Immunotherapy Response Prediction

Tumor immune dysfunction and exclusion (TIDE) (http://tide.dfci.harvard.edu/) is a computational framework developed to evaluate the potential of tumor immune escape from the gene expression profiles of cancer samples (20). The TIDE score computed for each tumor sample can serve as a surrogate biomarker to predict the response to immune checkpoint blockade for multiple types of cancers.

Statistical Analysis

Statistical analyses were conducted using the R software (version 4.1.0) and the Sangerbox tools (http://www.sangerbox.com/tool). Continuous variables were presented as standard error of the mean and were compared using Student’s t-test or Wilcoxon rank sum test. Categorical data were compared using the chi-square test. Univariate and multivariate Cox proportional hazards regression analysis using the “survival” package. A least absolute shrinkage and selection operator (LASSO) regression model was performed with “glmnet” and “survival” packages. Kaplan–Meier survival analysis with log-rank test was performed with the R package “survminer”. Differential expression analysis was performed with the “limma” package. Statistical significance was set at P < 0.05 and shown as *P < 0.05, **P < 0.01, and ***P < 0.001.

Results

Construction of an Immunologic Gene Set-Based Classification

The flowchart of this study is shown in Figure 1. A total of 4,872 IGSs were obtained from ImmuneSigDB. The ESs for the IGSs from 348 urothelial carcinoma specimens in the IMvigor210 cohort were computed using GSVA based on transcriptome RNA-seq data. Patients who responded to treatment with a complete response (CR; N = 25) or partial response (PR; N = 43) were categorized as responders, and patients who displayed stable (SD; N = 63) or progressive disease (PD; N = 167) were categorized as non-responders. Differential expression analysis revealed that ESs of 1,349 gene sets were significantly different between responders and non-responders (false discovery rate <0.05); 744 gene sets were upregulated in the responder group, and 605 gene sets were significantly upregulated in the non-responder group (Figure 2A). The univariate Cox regression model showed that 367 gene sets were significantly associated with prognosis.

FIGURE 1

Figure 1 Graphic abstract of this study.

FIGURE 2

Figure 2 Construction of an IGS-based classification (IGSC). (A) A volcano plot showed the differentially expressed gene sets between response and non-response groups in IMvigor210 cohort. (B) IMvigor210 cohort was classified into three subtypes. (C) The silhouette width value for the classification was 0.71, suggesting a fine match between a sample and its identified subtype. (D) Kaplan–Meier survival analysis showed that Subtype 2 had the best prognosis, Subtype 3 had the worst prognosis, and Subtype 1 had an intermediate prognosis. (E) The response rate to PD-L1 immunotherapy was significantly higher in Subtype 2 than those in Subtypes 3 and 1. (F) A heatmap showed the correlation between IGSC subtypes and clinical and immune features. (G–J) The proportions of IC levels (IC0, IC1, and IC2+), TC levels (TC0, TC1, and TC2+), Lund classifications (SCCL, GU, inf, UroA, and UroB), and immune phenotypes (inflamed, excluded, and desert) in different IGSC subtypes. (K, L) Tumor mutational burden and neoantigen burden in different IGSC subtypes. (M) A Venn plot shows the intersected differential gene sets between Subtypes 2 and 1 and between Subtypes 2 and 3. *P < 0.05, **P < 0.01, ***P < 0.001, ****P < 0.0001; NS, nonsignificant; IGS, immunologic gene sets; PD-L1, programmed cell death-ligand 1; IC, immune cells; TC, tumor cells; Inf, infiltrated; SCCL, squamous cell carcinoma-like; UroA, urothelial-like A; UroB, urothelial-like B.

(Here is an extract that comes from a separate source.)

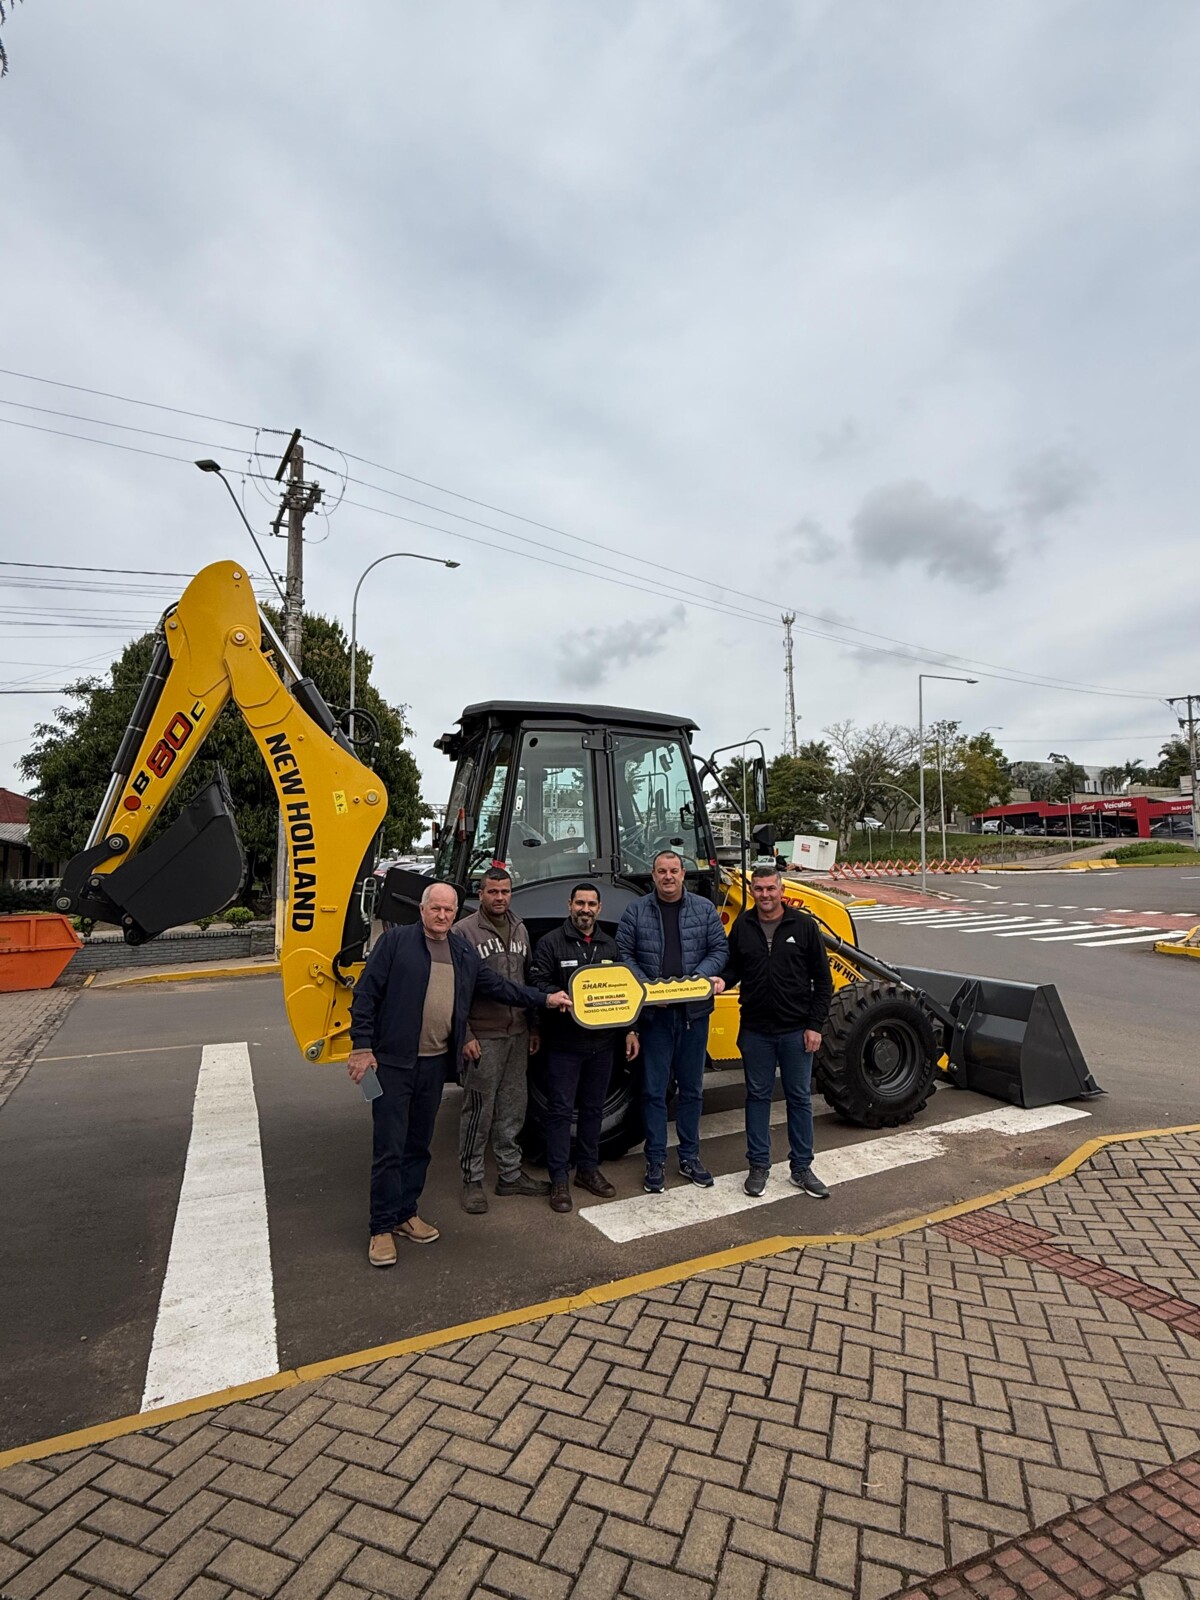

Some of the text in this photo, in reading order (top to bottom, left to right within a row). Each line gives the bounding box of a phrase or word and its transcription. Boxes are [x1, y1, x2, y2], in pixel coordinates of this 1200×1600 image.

[265, 732, 317, 933] NEW HOLLAND
[828, 957, 843, 973] EW
[581, 982, 608, 990] SHARK

Based on the prognostic IGS, the IMvigor210 cohort was classified into three distinct subtypes according to the optimal number of subtypes (K) as defined by the “factoextra” package (Figure 2B), namely, Subtype 1 (N = 105), Subtype 2 (N = 118), and Subtype 3 (N = 125). The silhouette width value for the classification was 0.71 (Figure 2C), suggesting a fine match between a sample and its identified subtype. Kaplan–Meier survival analysis showed that Subtype 2 had the best prognosis, Subtype 3 had the worst prognosis, and Subtype 1 had an intermediate prognosis (Figure 2D). Additionally, the response rate to PD-L1 immunotherapy was significantly higher in Subtype 2 (40%) than those in Subtypes 3 (12%) and 1 (20%) (Figure 2E). The above results suggest that IGSC can be effective for distinguishing patients with different prognoses and can predict the efficacy of anti-PD-L1 immunotherapy.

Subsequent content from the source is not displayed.